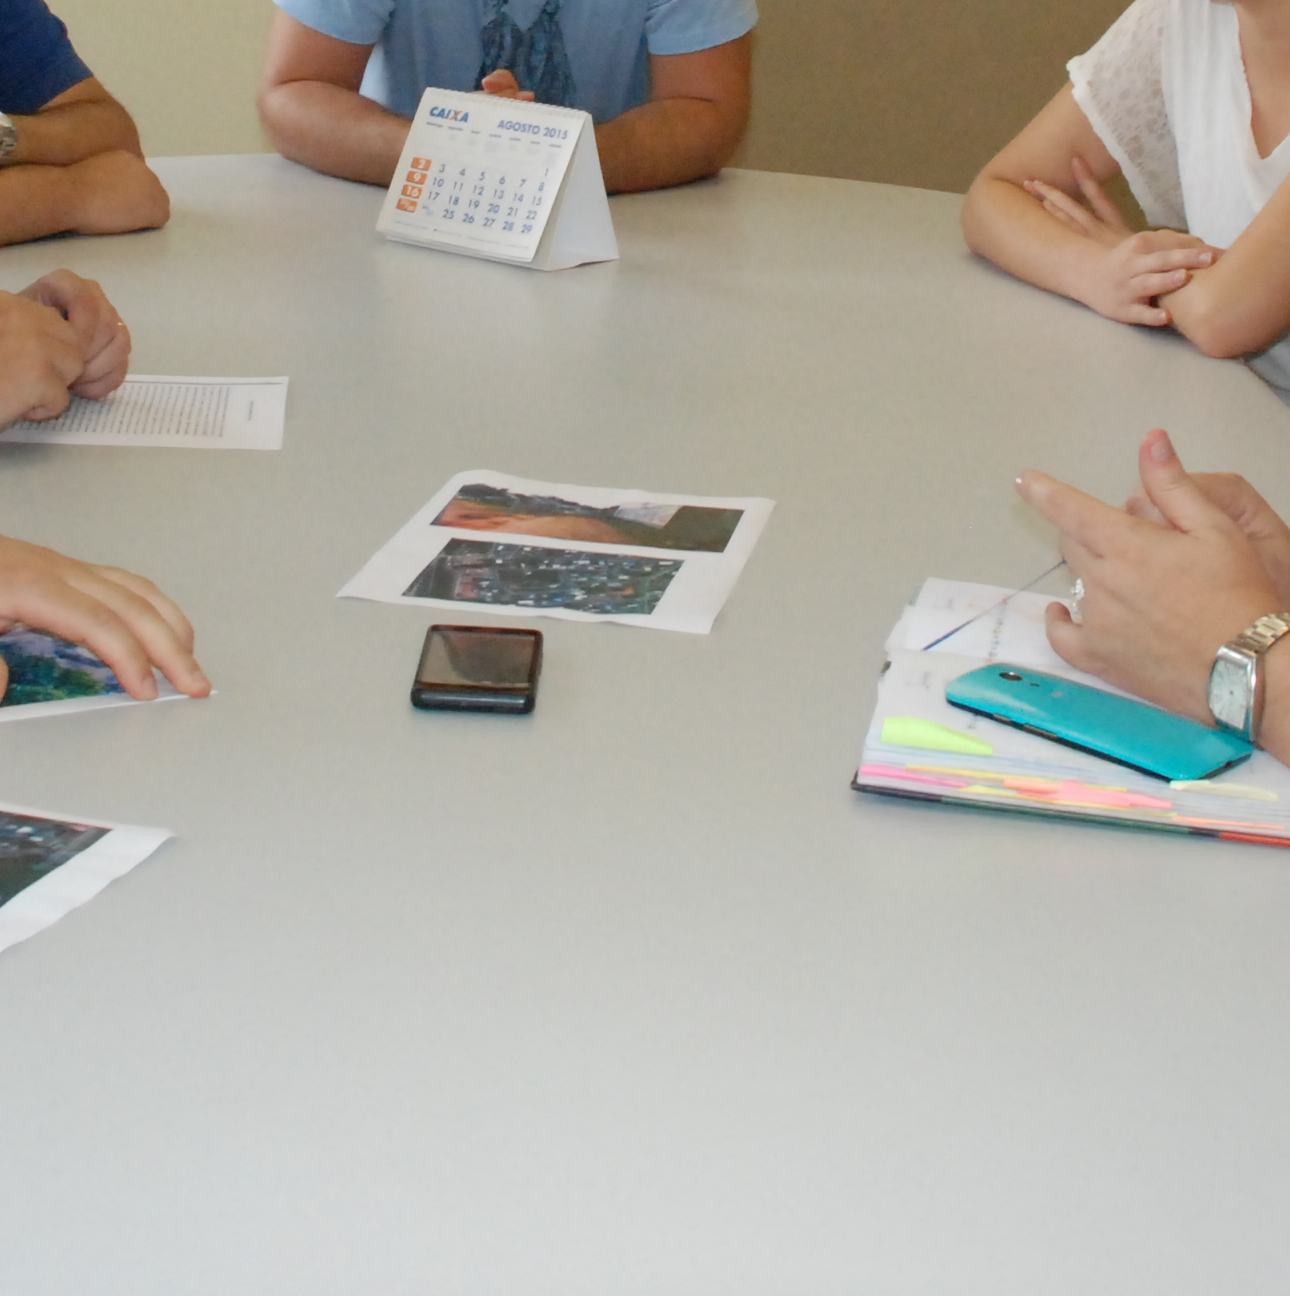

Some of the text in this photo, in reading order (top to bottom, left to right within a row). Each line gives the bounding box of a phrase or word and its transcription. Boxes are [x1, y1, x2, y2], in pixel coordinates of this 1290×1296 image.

[429, 106, 470, 123] CAIXA
[497, 120, 569, 140] AGOSTO 2015
[413, 172, 543, 206] 9 10 11 12 13 14 15
[417, 157, 545, 191] 2 3 4 5 6 7 8
[406, 185, 538, 220] 16 17 18 19 20 21 22
[442, 208, 455, 219] 25
[462, 213, 475, 224] 26
[482, 217, 496, 227] 27
[501, 221, 515, 232] 28
[520, 224, 533, 234] 29
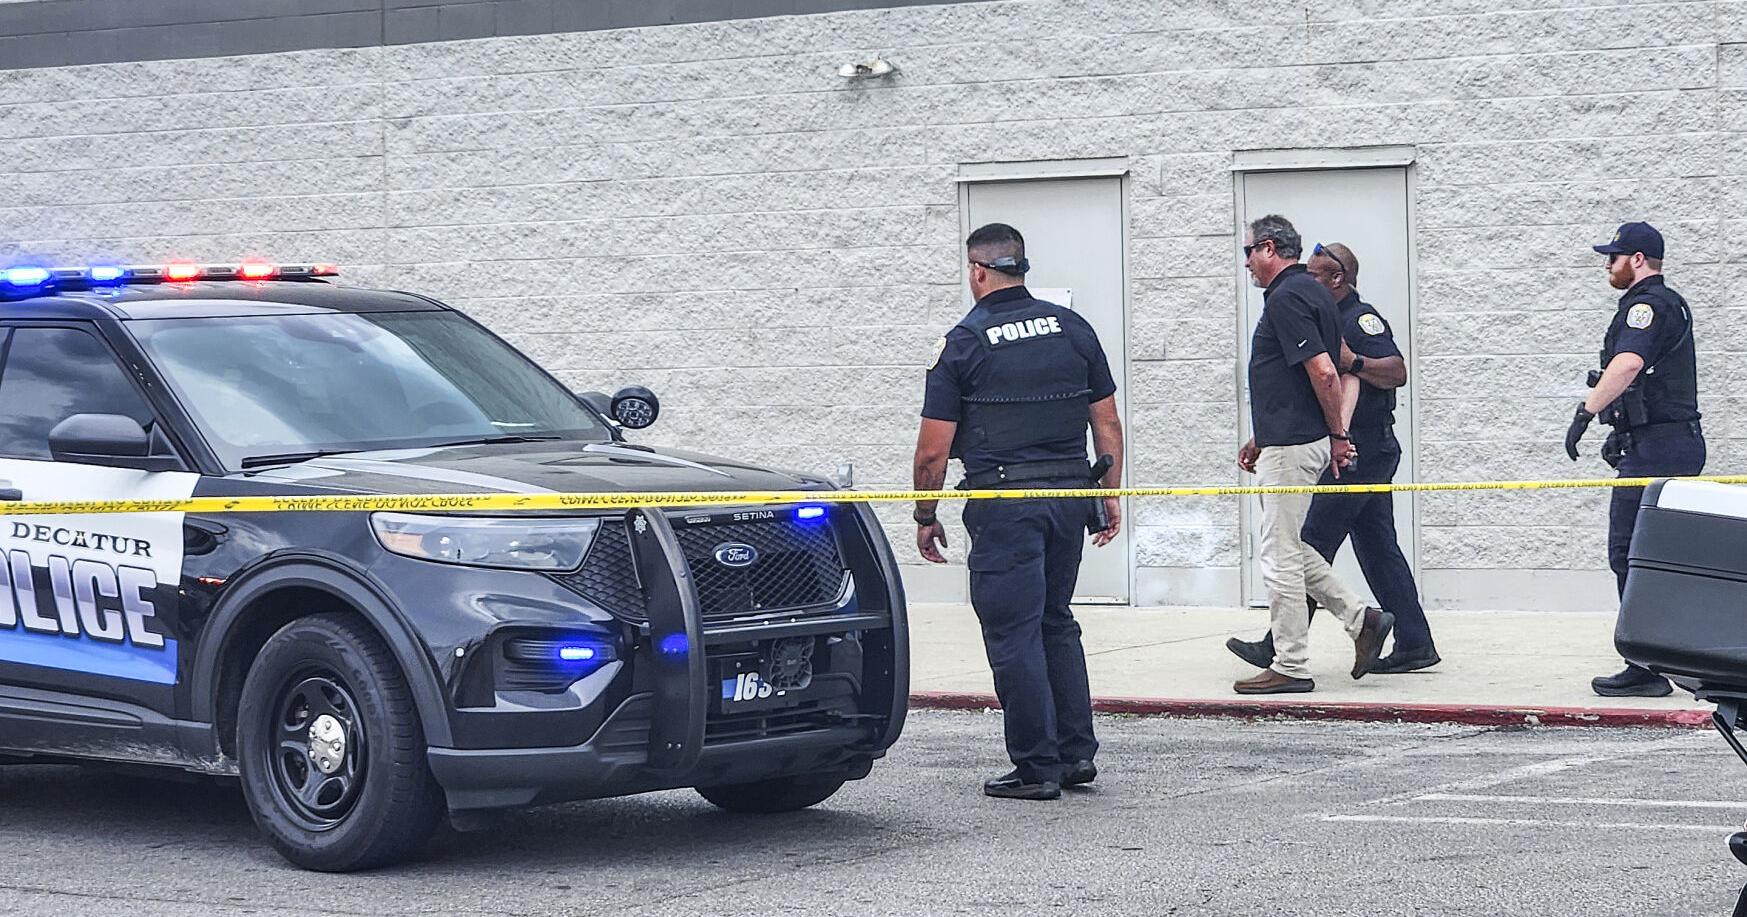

* Task description
Each record should appear again exactly as it stands, with no picture included.

* Solution to the exercise
Some of the text in this photo, in reading order (top to bottom, left to right within a row). Each line gives the bounding box of a phrase or word and its transcription. Boxes are [x1, y1, x2, y2], in pixel coordinates of this 1290×1296 image.

[429, 106, 470, 123] CAIXA
[497, 120, 569, 140] AGOSTO 2015
[413, 172, 543, 206] 9 10 11 12 13 14 15
[417, 157, 545, 191] 2 3 4 5 6 7 8
[406, 185, 538, 220] 16 17 18 19 20 21 22
[442, 208, 455, 219] 25
[462, 213, 475, 224] 26
[482, 217, 496, 227] 27
[501, 221, 515, 232] 28
[520, 224, 533, 234] 29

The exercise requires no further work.